SOURCE MATERIAL

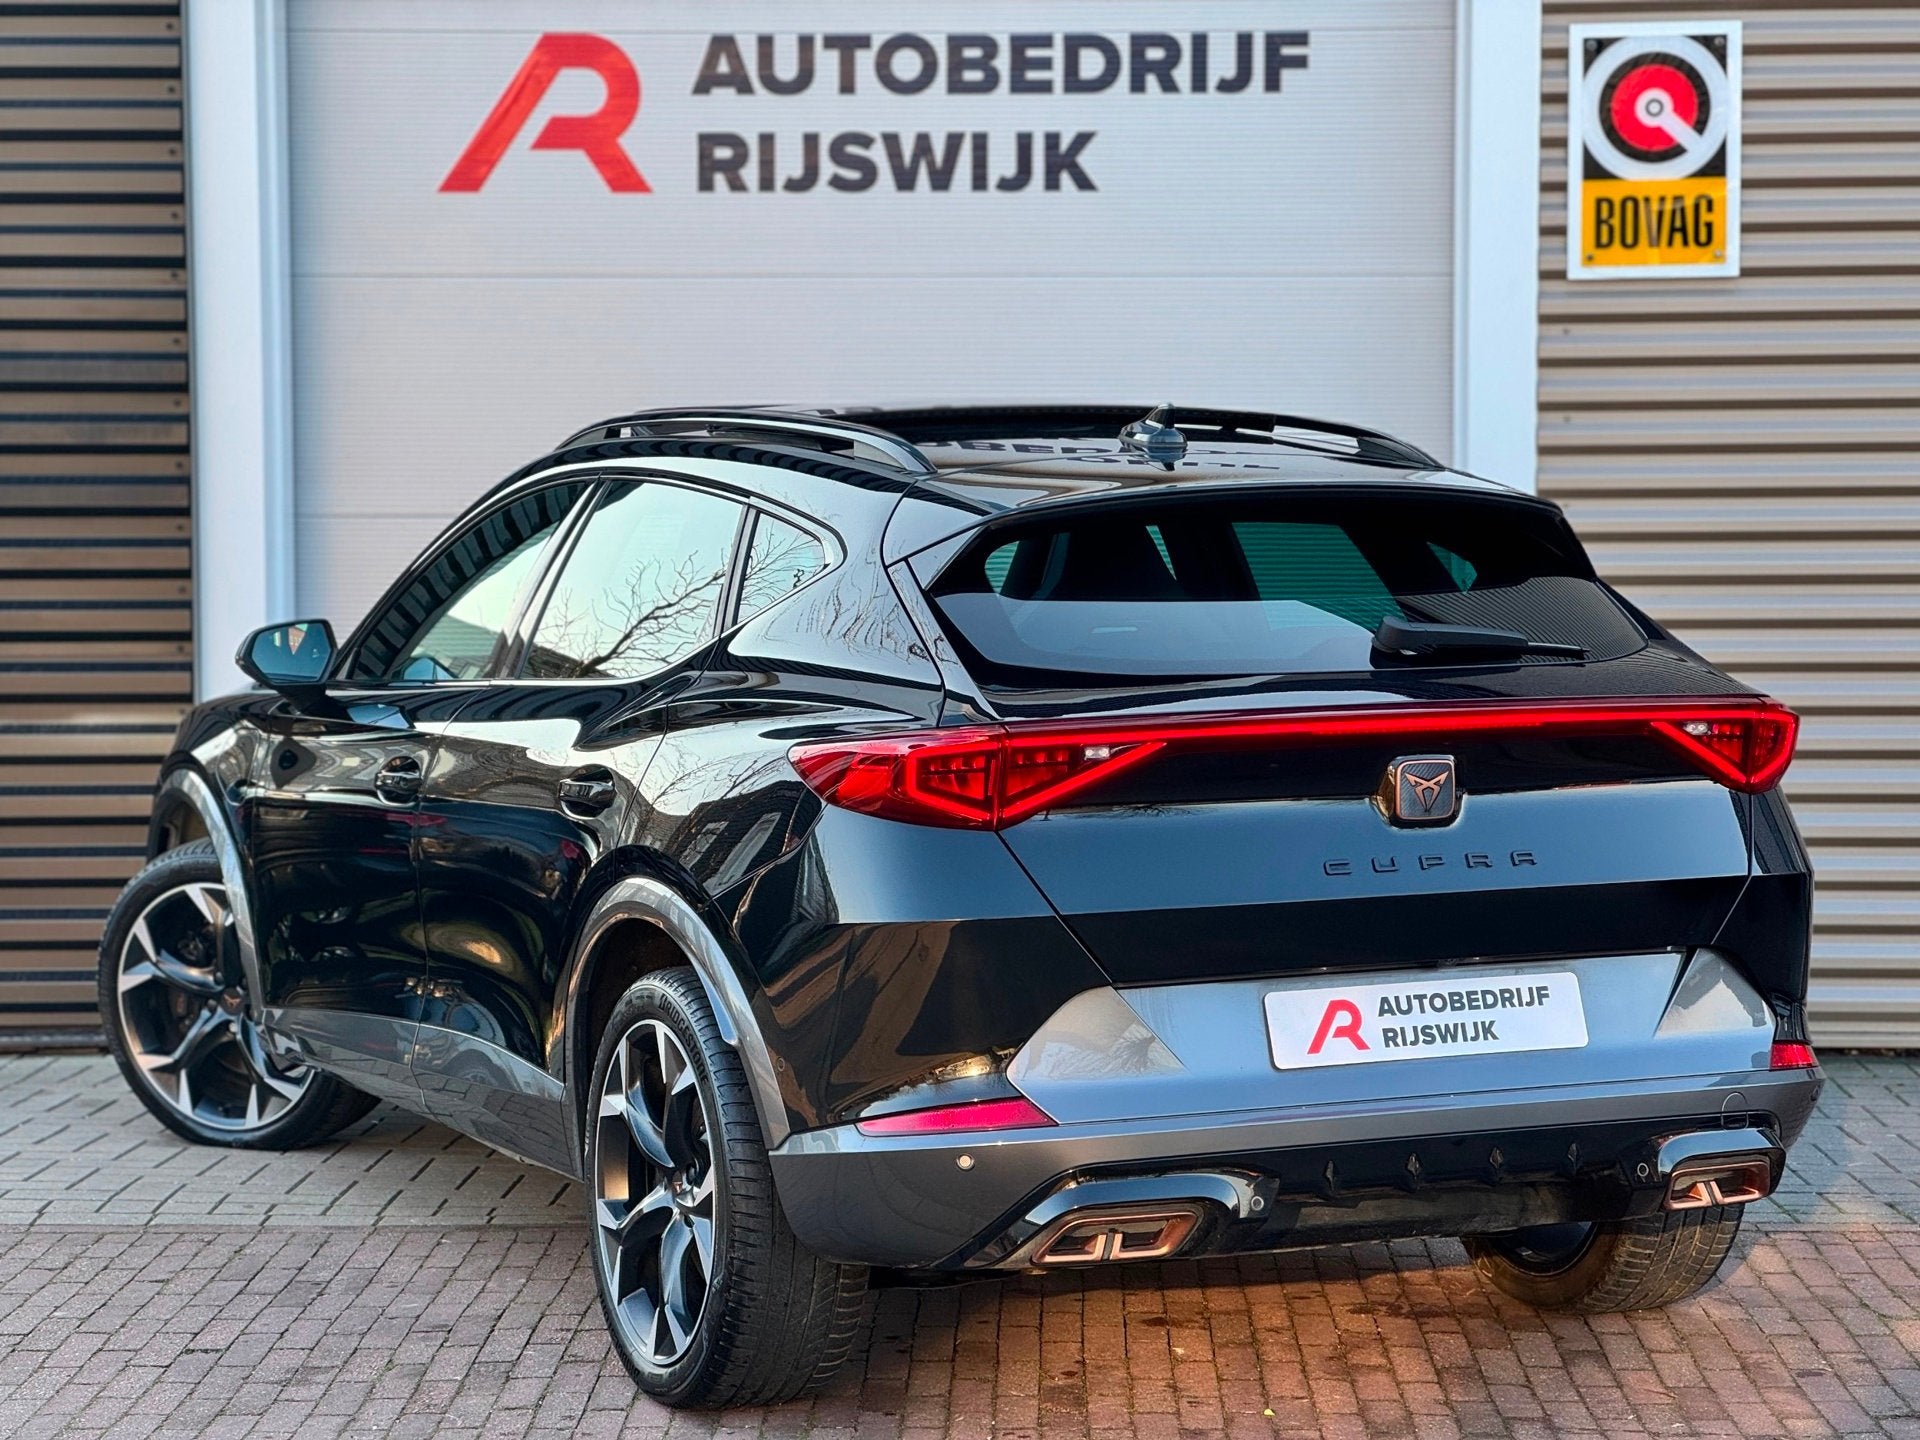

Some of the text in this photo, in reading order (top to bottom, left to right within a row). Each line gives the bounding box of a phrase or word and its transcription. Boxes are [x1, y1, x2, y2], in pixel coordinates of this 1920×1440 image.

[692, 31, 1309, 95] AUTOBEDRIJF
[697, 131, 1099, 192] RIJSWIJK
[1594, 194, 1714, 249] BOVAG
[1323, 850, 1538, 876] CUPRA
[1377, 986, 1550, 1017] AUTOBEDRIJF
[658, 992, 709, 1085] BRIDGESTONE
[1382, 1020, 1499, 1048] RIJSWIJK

WHAT NEEDS TO BE DONE
Exact duplicates of all the entries are required, and no image may appear in them.

PROBLEM SOLUTION
Some of the text in this photo, in reading order (top to bottom, left to right within a row). Each line gives the bounding box of a phrase or word and its transcription. Boxes are [x1, y1, x2, y2], in pixel coordinates of this 1920×1440 image.

[692, 31, 1309, 95] AUTOBEDRIJF
[697, 131, 1099, 192] RIJSWIJK
[1594, 194, 1714, 249] BOVAG
[1323, 850, 1538, 876] CUPRA
[1377, 986, 1550, 1017] AUTOBEDRIJF
[658, 992, 709, 1085] BRIDGESTONE
[1382, 1020, 1499, 1048] RIJSWIJK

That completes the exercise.